A genome-wide association study identifying single nucleotide polymorphisms in the PPFIBP2 gene was predictive for interstitial lung disease in rheumatoid arthritis patients

Objective Genetic polymorphisms might serve as useful prognostic markers for the timely diagnosis of RA. The purpose of this study was to identify genomic factors predictive of the occurrence of interstitial lung disease (ILD) in RA by performing a genome-wide association study of genetic variants, including single nucleotide polymorphisms (SNPs). Methods The study population included 306 RA patients. All patients were treated with conventional DMARDs, including 6-16 mg MTX per week. Clinical data and venous blood samples were collected from all patients before administration of DMARDs. A total of 278 347 SNPs were analysed to determine their association with ILD occurrence. Results Several SNPs were strongly associated with ILD occurrence (P < 10(-5)). rs6578890, which is located on chromosome 11 in the intronic region of the gene encoding tyrosine phosphatase receptor type F polypeptide-interacting protein-binding protein 2 (PPFIBP2), showed the strongest association with ILD occurrence (odds ratio 4.32, P = 10(-7.93)). Conclusion PPFIBP2 could be a useful genetic marker for occurrence of interstitial pneumonia in RA patients and might help to identify the risk of ILD occurrence before RA treatment, thereby improving patient outcomes.
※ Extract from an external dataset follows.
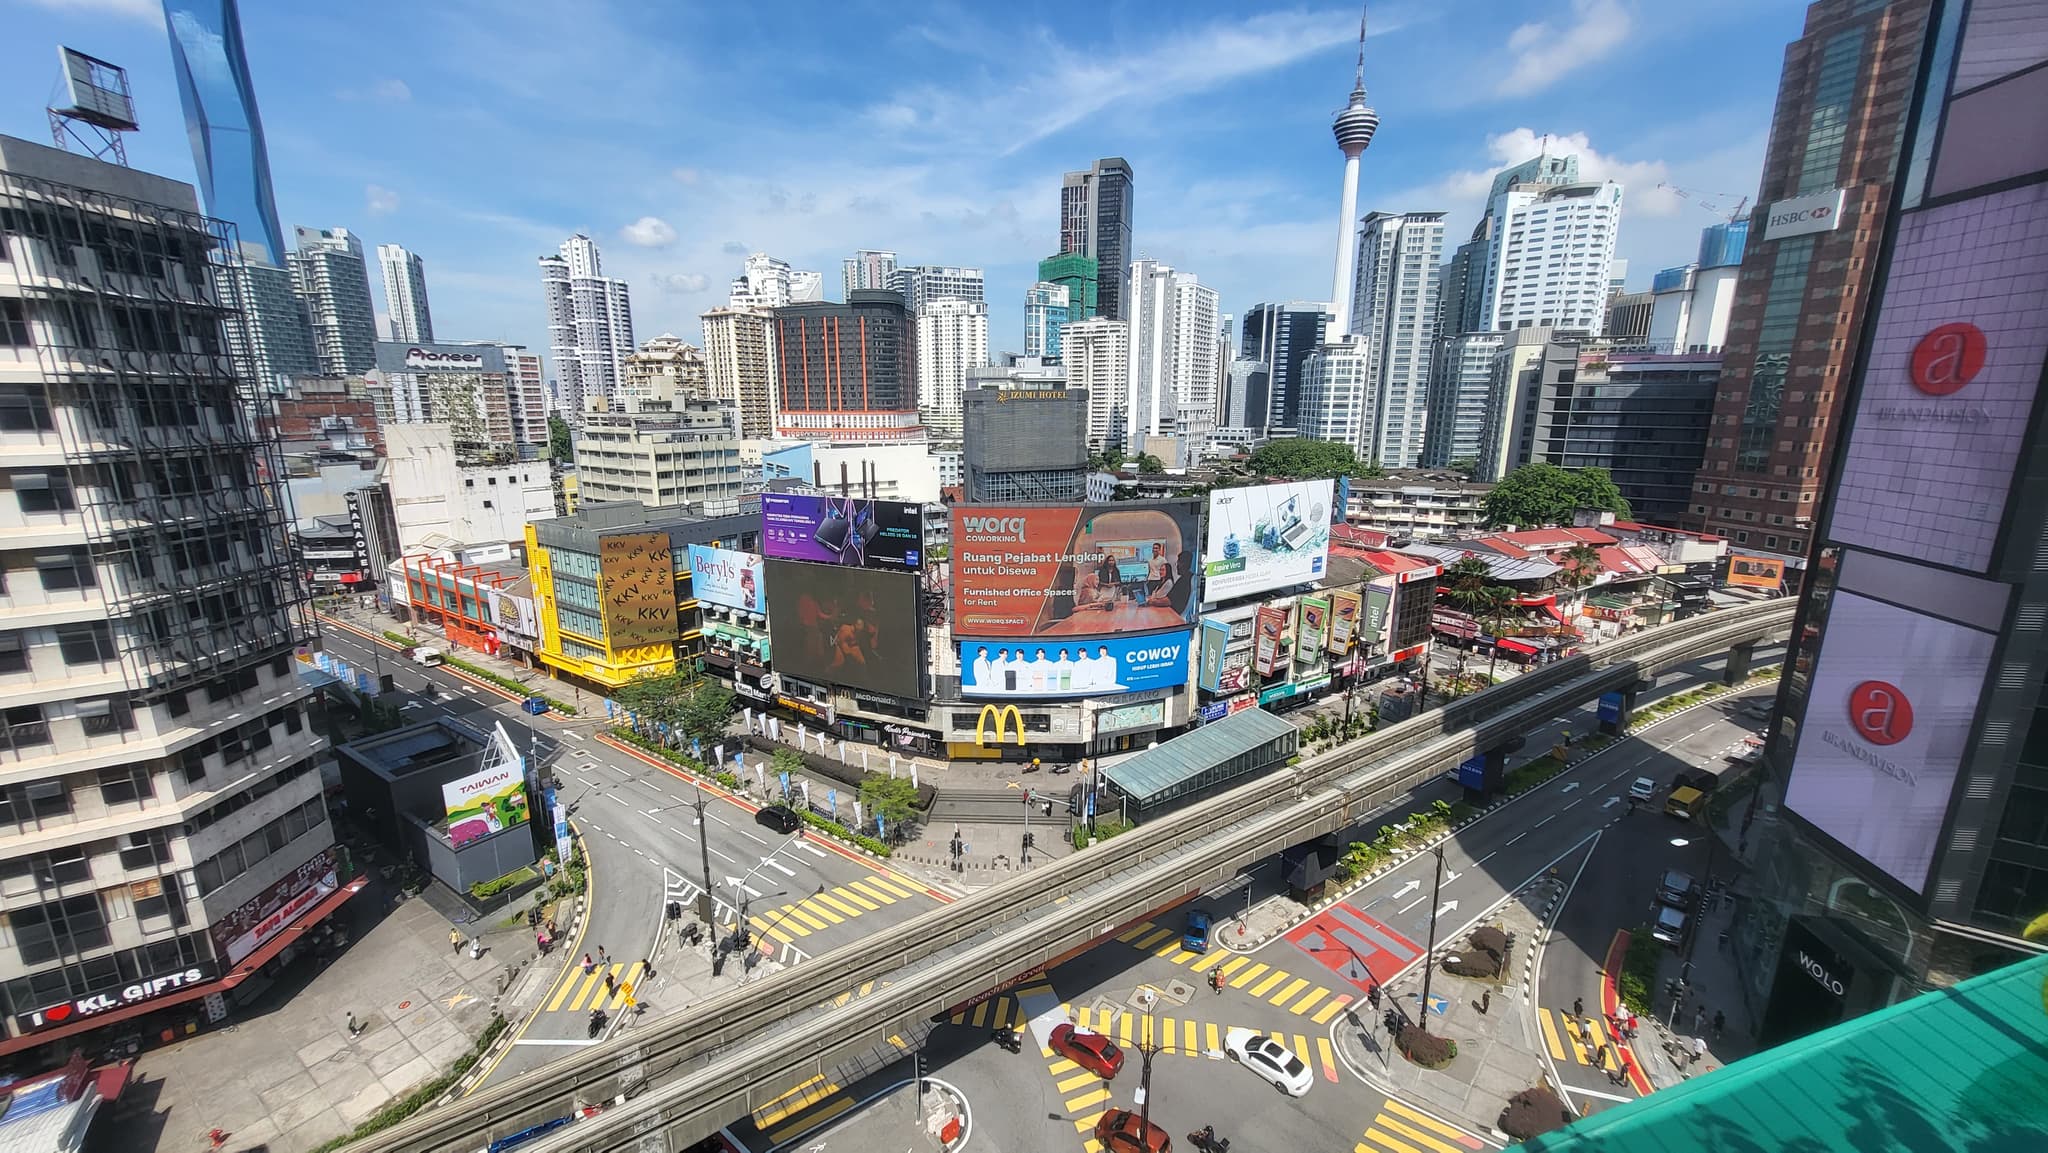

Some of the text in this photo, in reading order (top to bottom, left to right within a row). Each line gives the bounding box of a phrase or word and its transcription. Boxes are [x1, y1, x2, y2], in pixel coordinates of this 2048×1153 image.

Lay Summary What does this mean for patients? Interstitial lung disease (ILD), or non-infectious pneumonia, belongs to a class of lung diseases commonly characterized by thickening and scarring of tissue. ILD can lead to morbidity and mortality owing to problems with gas exchange between the lungs and the blood. Genetic polymorphisms, which are variations in DNA sequences between different people, might serve as a predictive marker of disease and help with faster diagnosis. A recent study reported that variations in the MUC5B gene were associated with ILD in rheumatoid arthritis patients worldwide. However, the genetic background was different among different populations. We tried to identify predictive markers of ILD in Japanese rheumatoid arthritis patients. We used a genome-wide association study to search for small variations in people's DNA. We found that a variation of the PPFIBP2 gene had the strongest association with ILD occurrence. Testing for this variation might help doctors to identify ILD occurrence before treatment for rheumatoid arthritis, which could improve patient outcomes.